At the start of trial, the parties stipulated that the Hospital is a political subdivision subject to the Tort Claims Act. The parties also stipulated that the Jacobsons did not serve notice of the claim pursuant to the Tort Claims Act at any time prior to the date the lawsuit was filed.

Two witnesses testified at trial, Cornu–Labat and Mehdi Merred, the former chief executive officer and administrator of the Hospital. Shresta did not testify. Other evidence included the defendants' employment agreements with the Hospital.

Shresta was hired by the Hospital pursuant to a “Physician Employment Agreement” executed on May 6, 2002. The agreement provided that it would go into effect on June 28 and was for a term of 1 year. The agreement provided that the Hospital would establish, maintain, and manage medical clinics in Gordon, Nebraska, and its “surrounding service area.” The agreement stated that the Hospital would provide at the clinics “all equipment, services, facilities and supplies necessary for the range of medical services customarily provided by private medical practitioners in the field of family practice.” The Hospital also agreed to provide all “nursing, technical, and office staff” as needed.

The agreement required Shresta to relocate to and maintain her personal residence within 10 miles of the Hospital. The agreement also required Shresta to provide “the full range of medical services customarily provided by private practitioners specializing in family practice within the region and consistent with the physician's training and privileges” at the clinics maintained by the Hospital and in “area hospitals.” It further required Shresta to maintain office hours at the clinics that were customary for physicians in similar communities and as reasonably established by the Hospital and required her to be “on-call” pursuant to a reasonable schedule created by the Hospital. Shresta was obligated under the agreement to comply with all reasonable personnel and administrative policies of the Hospital.

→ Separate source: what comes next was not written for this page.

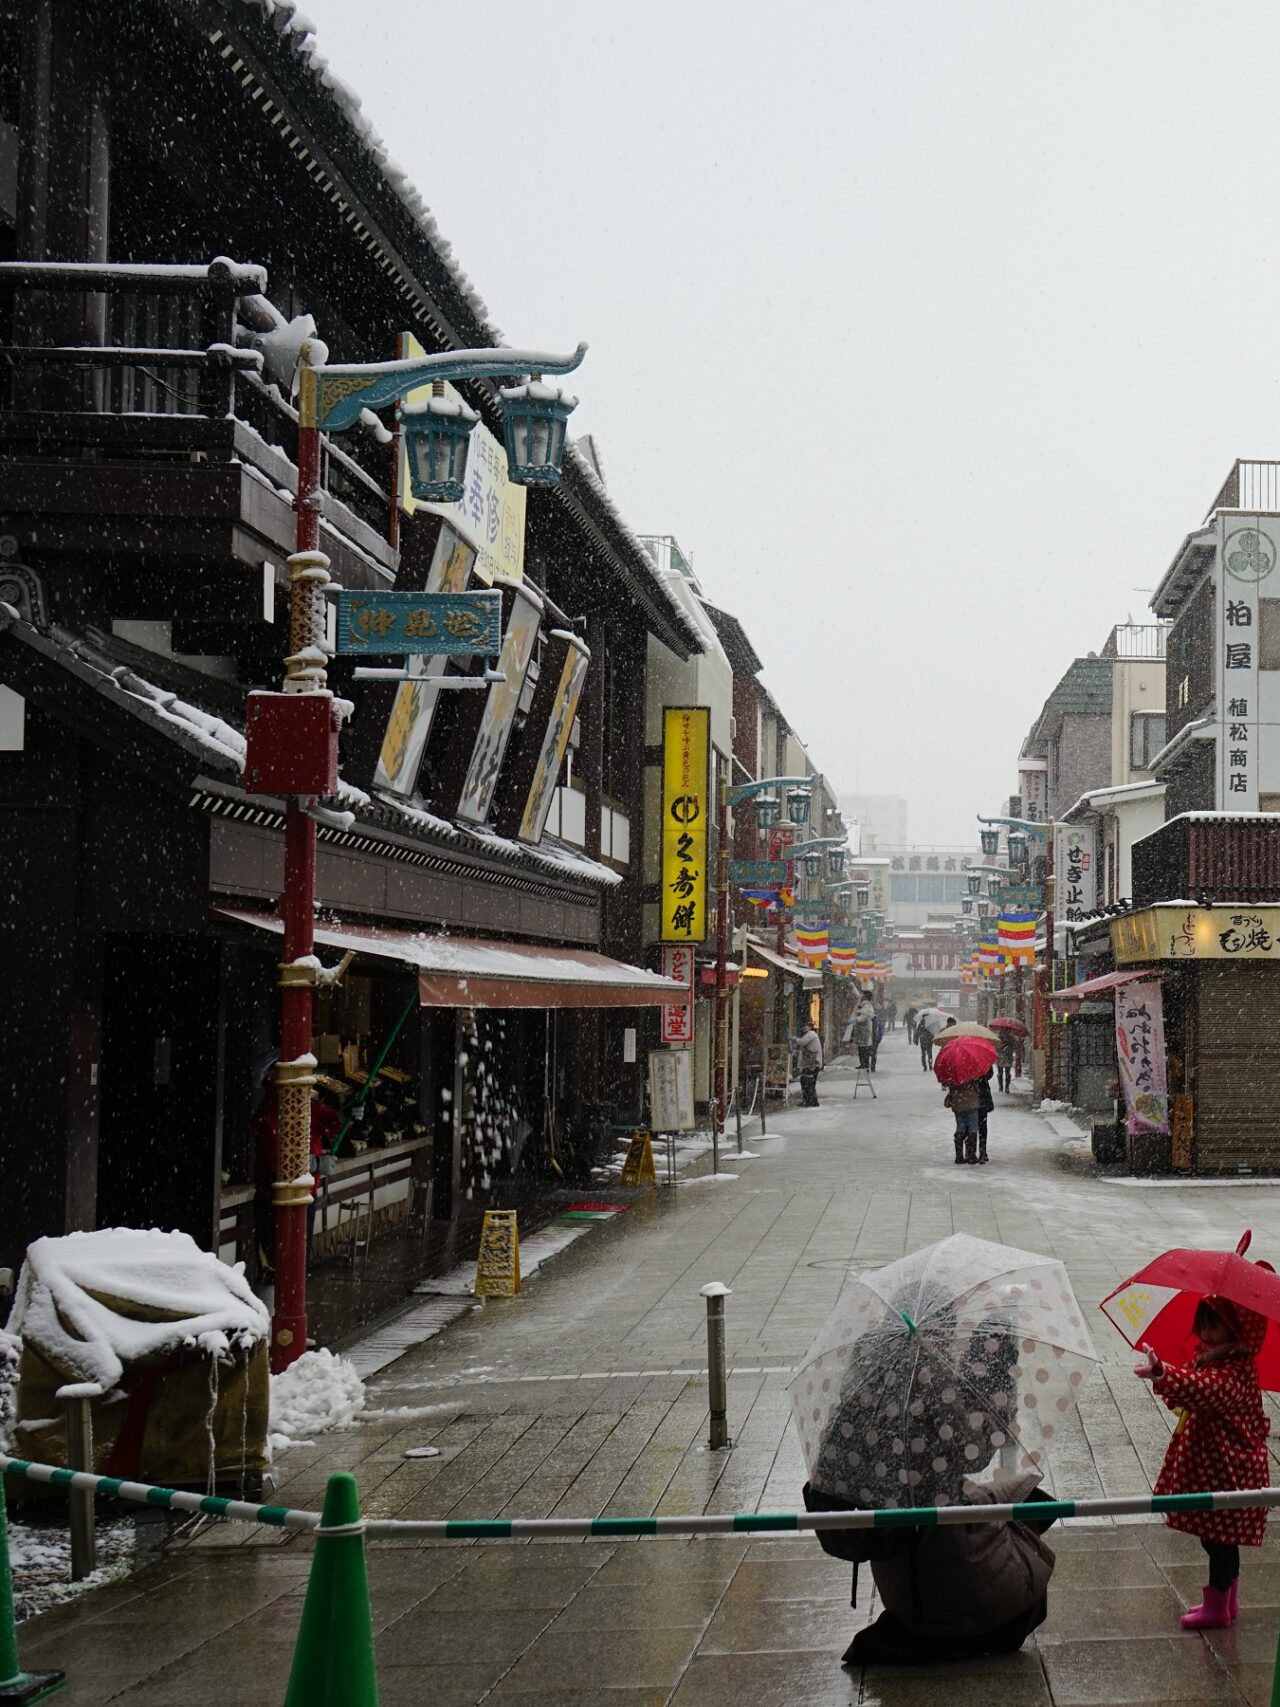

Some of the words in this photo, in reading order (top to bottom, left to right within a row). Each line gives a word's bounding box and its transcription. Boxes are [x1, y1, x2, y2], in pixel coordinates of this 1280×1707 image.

[357, 607, 483, 638] 仲見世
[1225, 600, 1253, 670] 柏屋
[1228, 697, 1249, 793] 植松商店
[668, 831, 699, 938] 久寿餅

The agreement did not require Shresta to make referrals to or admit patients to any facility controlled by the Hospital. It specified that it was the intent of the parties that Shresta “shall make referral and admission decisions solely in the best medical interests of patients.” The parties agreed that the Hospital “shall neither have nor exercise any control over the professional medical judgment or methods used by [Shresta] in the performance of services” under the terms of the agreement. However, Shresta agreed to “perform the duties and functions” under those terms “in conformance with currently approved practices in the field of family practice and in a competent and professional manner.”

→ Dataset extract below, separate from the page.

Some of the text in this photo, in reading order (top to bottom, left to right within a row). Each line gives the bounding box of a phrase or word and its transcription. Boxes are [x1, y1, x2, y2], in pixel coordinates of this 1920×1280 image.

The agreement provided that all nonphysician personnel at the clinics would be under the administrative and executive control of the Hospital and under the technical and medical supervision of Shresta when providing services under Shresta's supervision and direction. The agreement granted Shresta the right to approve any physician assistant whom she was asked to supervise. Shresta agreed to provide professional medical supervision and training to employees at the clinics, assist the medical director in the preparation of an annual budget, and give input on types of supplies and equipment to be used. The Hospital was to maintain all patient records, charts, x-ray films, and files, which were the property of the Hospital.

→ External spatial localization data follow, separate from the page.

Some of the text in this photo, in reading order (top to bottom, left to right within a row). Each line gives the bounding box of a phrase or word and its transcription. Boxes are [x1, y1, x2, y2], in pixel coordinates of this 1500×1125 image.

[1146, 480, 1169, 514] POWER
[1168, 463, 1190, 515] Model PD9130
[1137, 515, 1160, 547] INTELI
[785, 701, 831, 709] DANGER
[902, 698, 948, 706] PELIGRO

The Hospital, after consulting with Shresta, was to have the “sole right to establish reasonable billing rates” for professional medical services provided by Shresta while she worked in the clinics, hospitals, or nursing homes. The Hospital was also authorized to “bill for and receive any and all professional fees for [Shresta's] professional medical services.” Shresta agreed that all fees and other compensation for her medical services would belong to the Hospital. Shresta was not permittedto moonlight at other facilities without the Hospital's approval. All outside activities engaged in by Shresta were not to interfere with her primary position.

The agreement provided that Shresta would receive a salary payable in accordance with the Hospital's regular payroll periods and payroll practices. The agreement provided that the Hospital, as the “employer of [Shresta],” would withhold from Shresta's salary deductions for income taxes, employment taxes, and any other withholdings required by law. The agreement provided that Shresta would be entitled to participate in employee benefit programs. The Hospital agreed to carry and pay for malpractice insurance with respect to services performed by Shresta on behalf of the Hospital.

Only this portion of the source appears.